REQUIREMENT: Every entry should be returned unchanged, with the pictures omitted.

** RECORDED DATA follows **

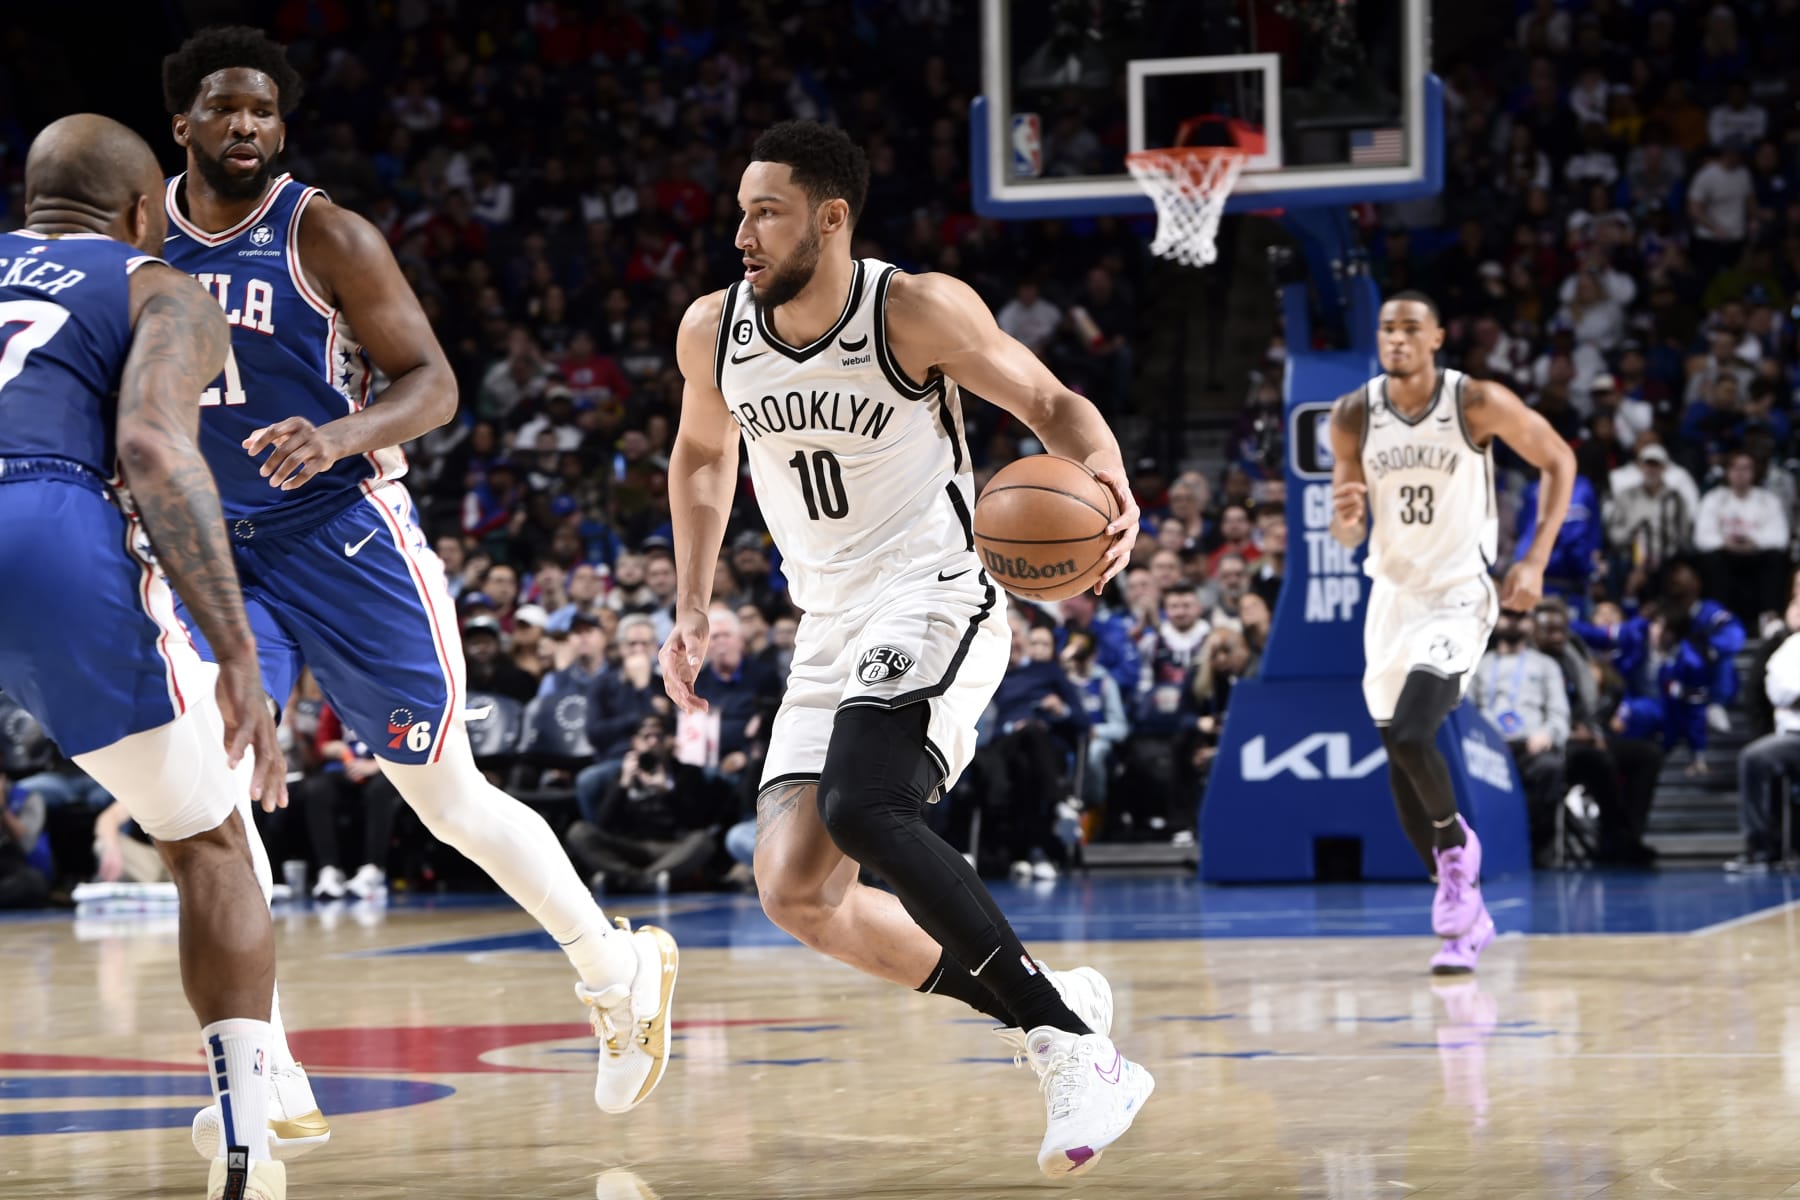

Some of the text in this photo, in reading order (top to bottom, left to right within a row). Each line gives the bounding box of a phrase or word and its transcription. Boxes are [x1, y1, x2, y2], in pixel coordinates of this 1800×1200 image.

[738, 322, 751, 343] 6
[841, 355, 871, 367] Webull
[1368, 444, 1459, 480] BROOKLYN
[789, 450, 849, 520] 10
[1400, 484, 1435, 525] 33
[982, 547, 1077, 579] Wilson
[1305, 577, 1361, 621] APP
[860, 647, 909, 671] NETS
[868, 664, 882, 679] B
[387, 721, 431, 752] 76
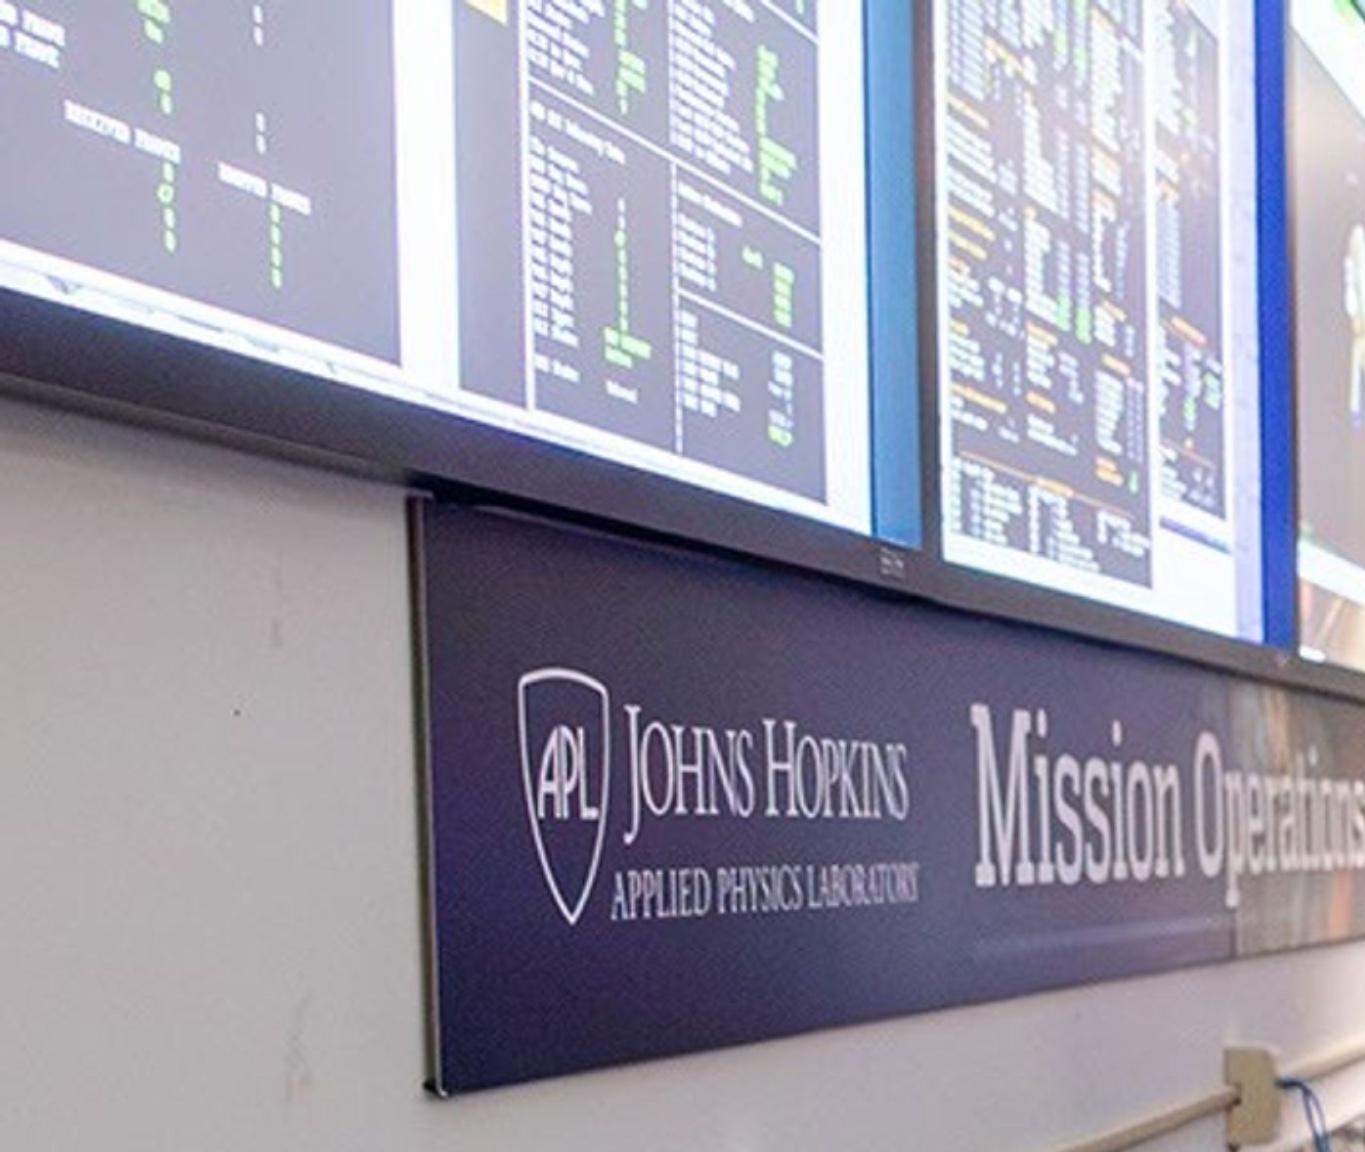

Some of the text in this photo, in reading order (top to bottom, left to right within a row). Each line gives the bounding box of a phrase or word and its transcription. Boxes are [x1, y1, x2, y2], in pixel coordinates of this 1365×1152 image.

[537, 724, 599, 820] APL
[622, 703, 910, 845] JOHNS HOPKINS
[970, 702, 1186, 888] Mission
[610, 861, 921, 922] APPLIED PHYSICS LABORATORY

** End of RECORDED DATA **

ANSWER BOX:
Some of the text in this photo, in reading order (top to bottom, left to right within a row). Each line gives the bounding box of a phrase or word and its transcription. Boxes are [x1, y1, x2, y2], in pixel coordinates of this 1800×1200 image.

[738, 322, 751, 343] 6
[841, 355, 871, 367] Webull
[1368, 444, 1459, 480] BROOKLYN
[789, 450, 849, 520] 10
[1400, 484, 1435, 525] 33
[982, 547, 1077, 579] Wilson
[1305, 577, 1361, 621] APP
[860, 647, 909, 671] NETS
[868, 664, 882, 679] B
[387, 721, 431, 752] 76

Some of the text in this photo, in reading order (top to bottom, left to right within a row). Each line gives the bounding box of a phrase or word and its transcription. Boxes are [x1, y1, x2, y2], in pixel coordinates of this 1365×1152 image.

[537, 724, 599, 820] APL
[622, 703, 910, 845] JOHNS HOPKINS
[970, 702, 1186, 888] Mission
[610, 861, 921, 922] APPLIED PHYSICS LABORATORY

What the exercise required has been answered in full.